The records below hold pictures; please leave those out and retype the rest exactly.
Start of Extracted entries
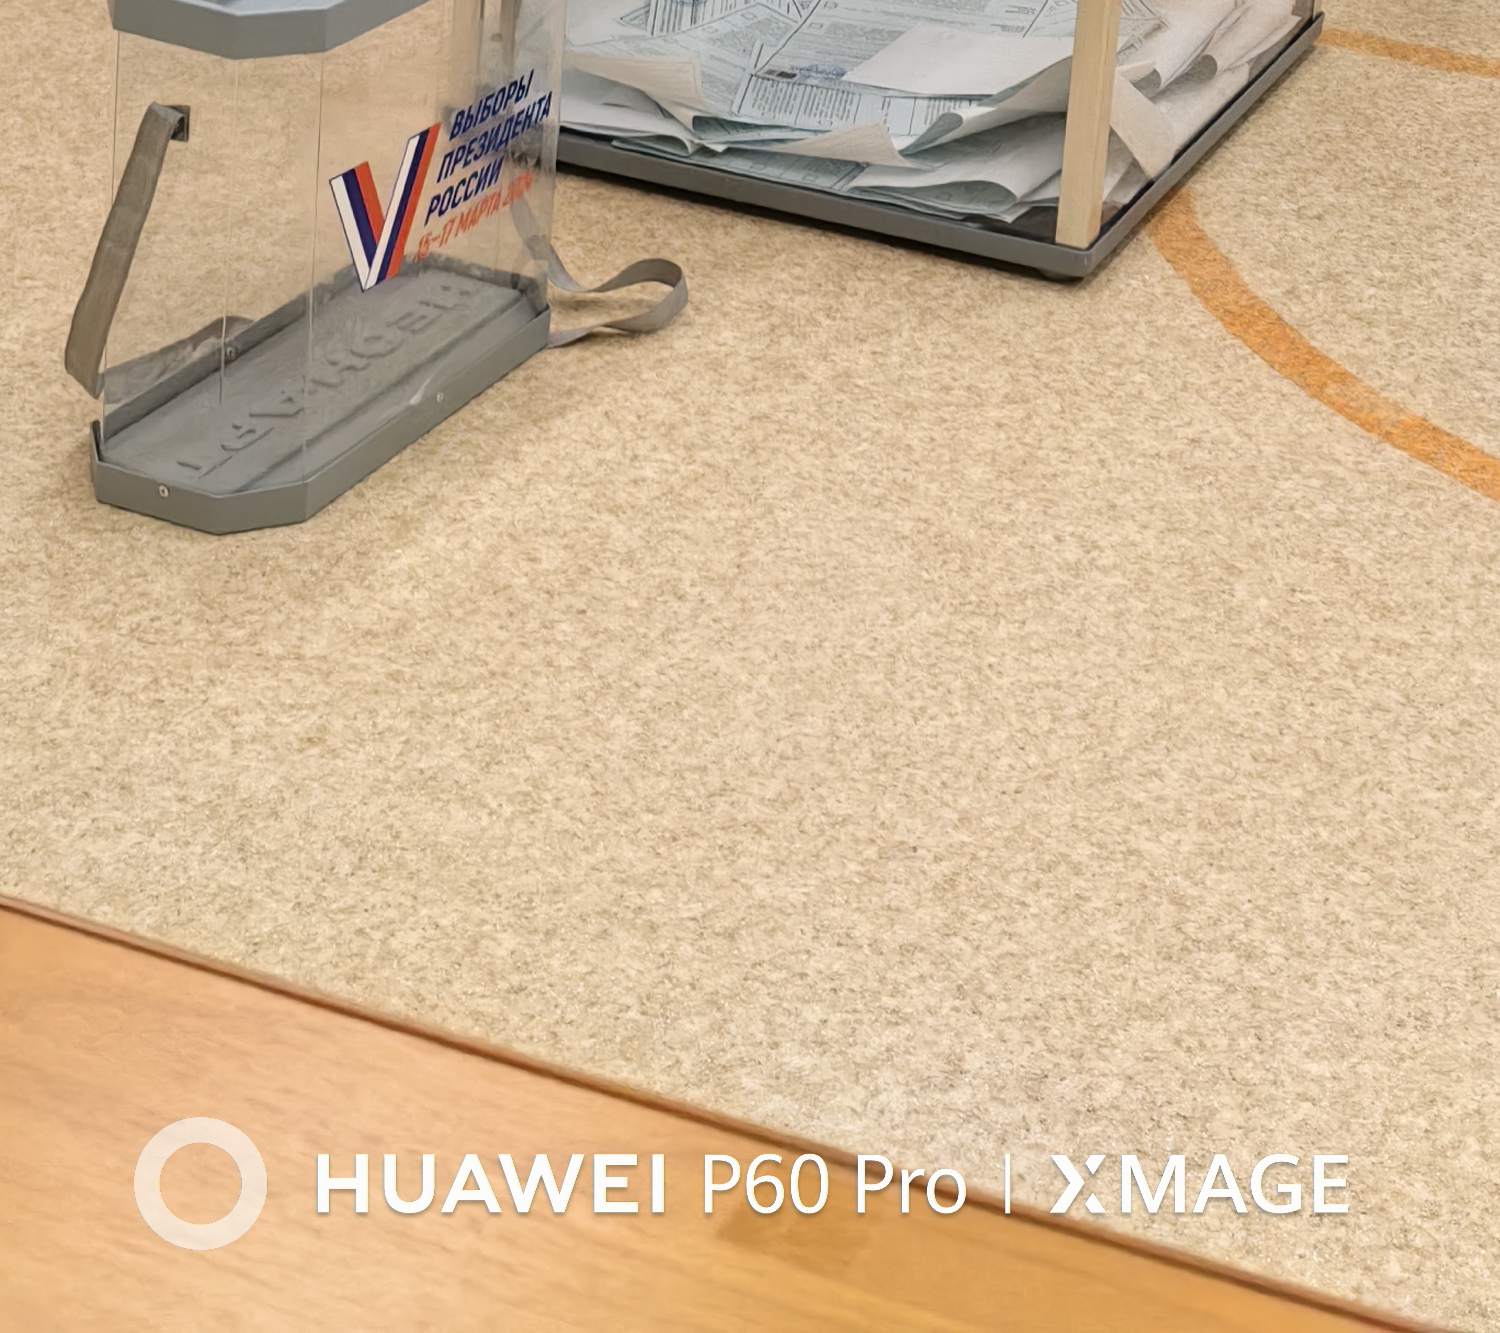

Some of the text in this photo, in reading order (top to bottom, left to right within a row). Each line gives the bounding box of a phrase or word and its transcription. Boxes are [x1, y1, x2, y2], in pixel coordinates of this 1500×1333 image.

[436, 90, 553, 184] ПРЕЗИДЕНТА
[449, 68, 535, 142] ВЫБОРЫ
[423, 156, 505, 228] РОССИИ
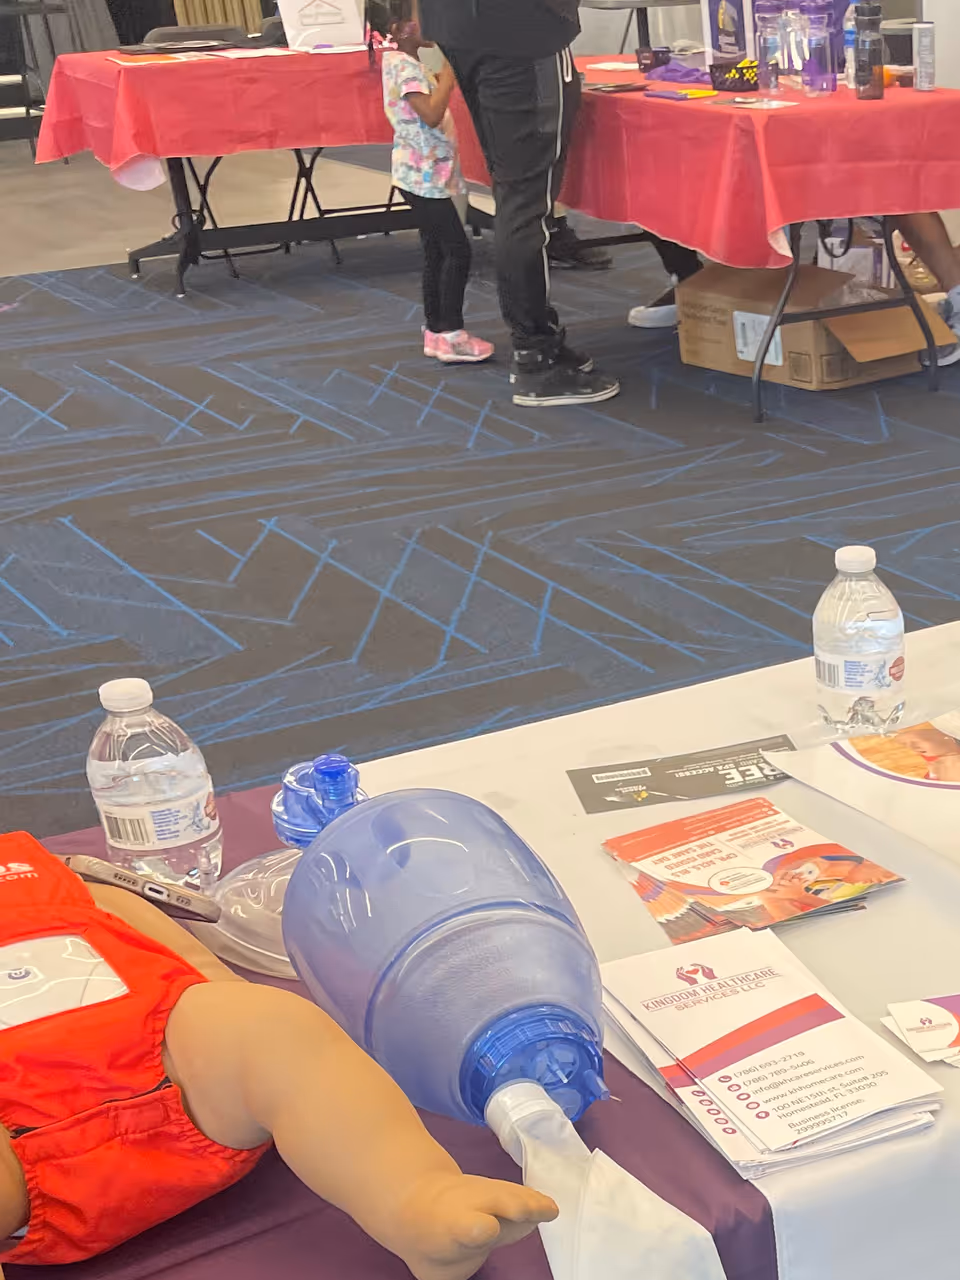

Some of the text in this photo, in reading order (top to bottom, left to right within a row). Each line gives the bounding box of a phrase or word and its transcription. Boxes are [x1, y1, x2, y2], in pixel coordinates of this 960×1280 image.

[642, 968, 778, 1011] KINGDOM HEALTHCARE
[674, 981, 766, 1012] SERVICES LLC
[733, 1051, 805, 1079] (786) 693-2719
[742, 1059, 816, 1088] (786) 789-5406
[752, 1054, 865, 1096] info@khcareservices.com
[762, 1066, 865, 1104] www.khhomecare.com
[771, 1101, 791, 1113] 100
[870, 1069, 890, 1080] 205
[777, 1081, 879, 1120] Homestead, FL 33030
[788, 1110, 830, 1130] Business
End of Extracted entries
_Exercise result_
Some of the text in this photo, in reading order (top to bottom, left to right within a row). Each line gives the bounding box of a phrase or word and its transcription. Boxes are [x1, y1, x2, y2], in pixel coordinates of this 1500×1333 image.

[436, 90, 553, 184] ПРЕЗИДЕНТА
[449, 68, 535, 142] ВЫБОРЫ
[423, 156, 505, 228] РОССИИ

Some of the text in this photo, in reading order (top to bottom, left to right within a row). Each line gives the bounding box of a phrase or word and its transcription. Boxes are [x1, y1, x2, y2], in pixel coordinates of this 960×1280 image.

[642, 968, 778, 1011] KINGDOM HEALTHCARE
[674, 981, 766, 1012] SERVICES LLC
[733, 1051, 805, 1079] (786) 693-2719
[742, 1059, 816, 1088] (786) 789-5406
[752, 1054, 865, 1096] info@khcareservices.com
[762, 1066, 865, 1104] www.khhomecare.com
[771, 1101, 791, 1113] 100
[870, 1069, 890, 1080] 205
[777, 1081, 879, 1120] Homestead, FL 33030
[788, 1110, 830, 1130] Business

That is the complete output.